I have two GUIs, one that extends GuiContainer to handle trade in my mod, and one with some user help that extends GuiScreen directly. There's a help button on the trade one that opens the other one, using Minecraft.getMinecraft().displayGuiScreen().

 

It works fine, except that opening the help closes the other one. I'd prefer it if the player was taken back to the other one instead. Is this possible "natively", or do I need to do it manually by reopening the first GUI with whatever context it had?

 

Thanks

Posted
2 minutes ago, Kinniken said:

I can reuse the same GuiScreen object? Convenient, cool.

 

Is there any callback for when a GUI is closed? I can't seem to find any at least for when the GUI is closed by using the escape key. The only solution I can see would be to override keyTyped() and reopen the older gui if I detect that the key pressed was escape, but that feels very hacky...

GuiScreen#onGuiClosed() is probably what you want here.  It's actually called whenever the current GUI object (if already non-null) changes, which is generally by Minecraft#displayGuiScreen() - note that a change from non-null to null also counts here.

 

So when you create your sub-GUI, store a reference to Minecraft.currentScreen in your sub-GUI constructor, and in your sub-GUI's onGuiClosed() override, call Minecraft#displayGuiScreen(parentGuiReference) to redisplay the parent GUI.  Note that you're not actually reusing the GuiScreen object - the sub-GUI is a separate object which exists at the same time as the parent GUI.

 

If you need to pass data from the sub-GUI back to the parent GUI, store a reference to the sub-GUI in the parent when you create it (most likely in actionPerformed() when the player clicks a button).  The parent's initGui() method should check for a non-null sub-GUI field and use that to extract any data that was entered by the player.  The important point being that the parent GUI object still exists while the sub-GUI is being shown (because the sub-GUI holds a reference to it), so you're redisplaying an existing GUI object, not a new one.  And the sub-GUI object still exists after it's closed (at least until the parent closes), because the parent GUI holds a reference to it.

 

  • Thanks 1
Posted

onGuiClosed() looked like what I wanted... except that it's called from within displayGuiScreen() before the new GUI is set, so if I call displayGuiScreen() from within it my resetting of currentScreen gets overiden by the parent call.

 

I don"t like the solution much but I went with putting my code in an overriden keyTyped(), that works fine.

 

Thanks for the help.

Posted

Oh and on this:

"Note that you're not actually reusing the GuiScreen object - the sub-GUI is a separate object which exists at the same time as the parent GUI." 

 

Sorry, I wasn't clear, I meant that I'm reusing the GuiScreen object from my original parent screen display to display it again once the second screen is closed.

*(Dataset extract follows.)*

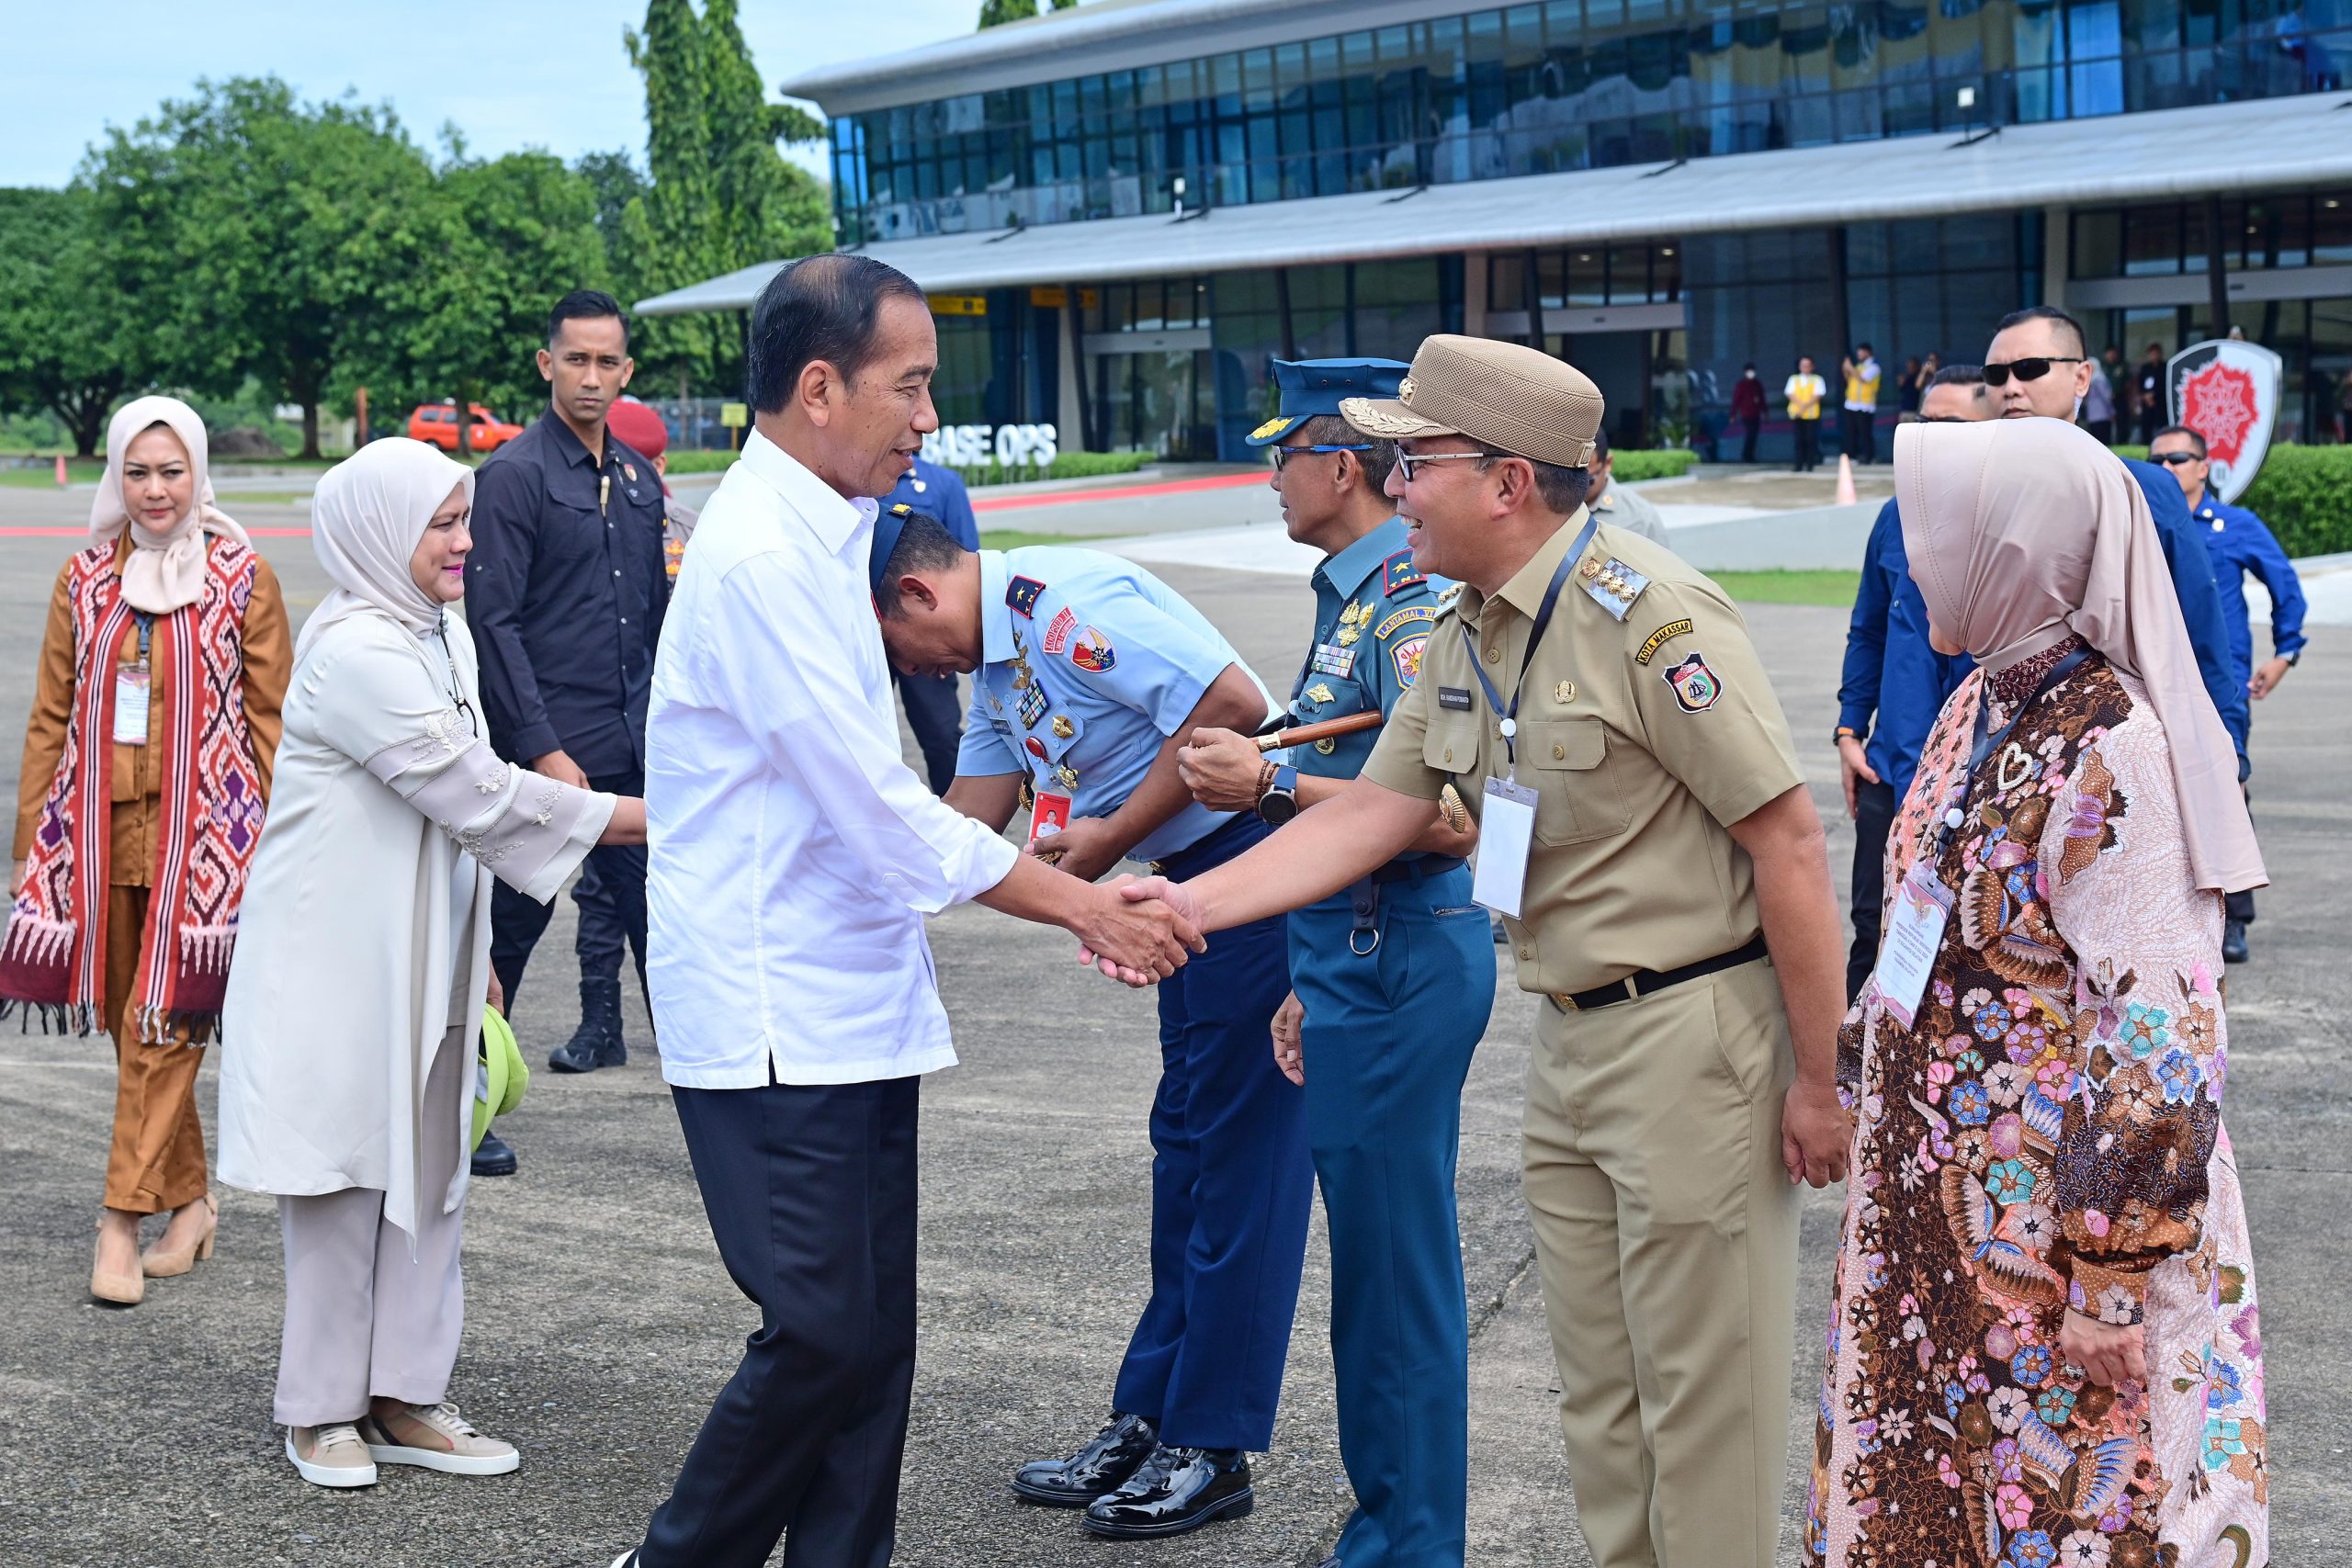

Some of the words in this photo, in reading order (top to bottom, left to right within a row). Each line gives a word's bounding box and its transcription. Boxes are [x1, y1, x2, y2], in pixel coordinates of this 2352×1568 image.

Between the parent screen and the child one it's not possible of course, they are not even instances of the same class in my case.

Posted (edited)
5 minutes ago, Kinniken said:

onGuiClosed() looked like what I wanted... except that it's called from within displayGuiScreen() before the new GUI is set, so if I call displayGuiScreen() from within it my resetting of currentScreen gets overiden by the parent call.

 

I don"t like the solution much but I went with putting my code in an overriden keyTyped(), that works fine.

 

Thanks for the help.

Actually, looking at the GUI code from PneumaticCraft, that's what we're doing too :)  You're right that it's not very elegant, but it does work.

 

4 minutes ago, Kinniken said:

 

Sorry, I wasn't clear, I meant that I'm reusing the GuiScreen object from my original parent screen display to display it again once the second screen is closed. Between the parent screen and the child one it's not possible of course, they are not even instances of the same class in my case.

Right, yes - that's perfectly OK to do.  You can keep a GUI object around for a while by holding a reference to it even though it's not the current GUI.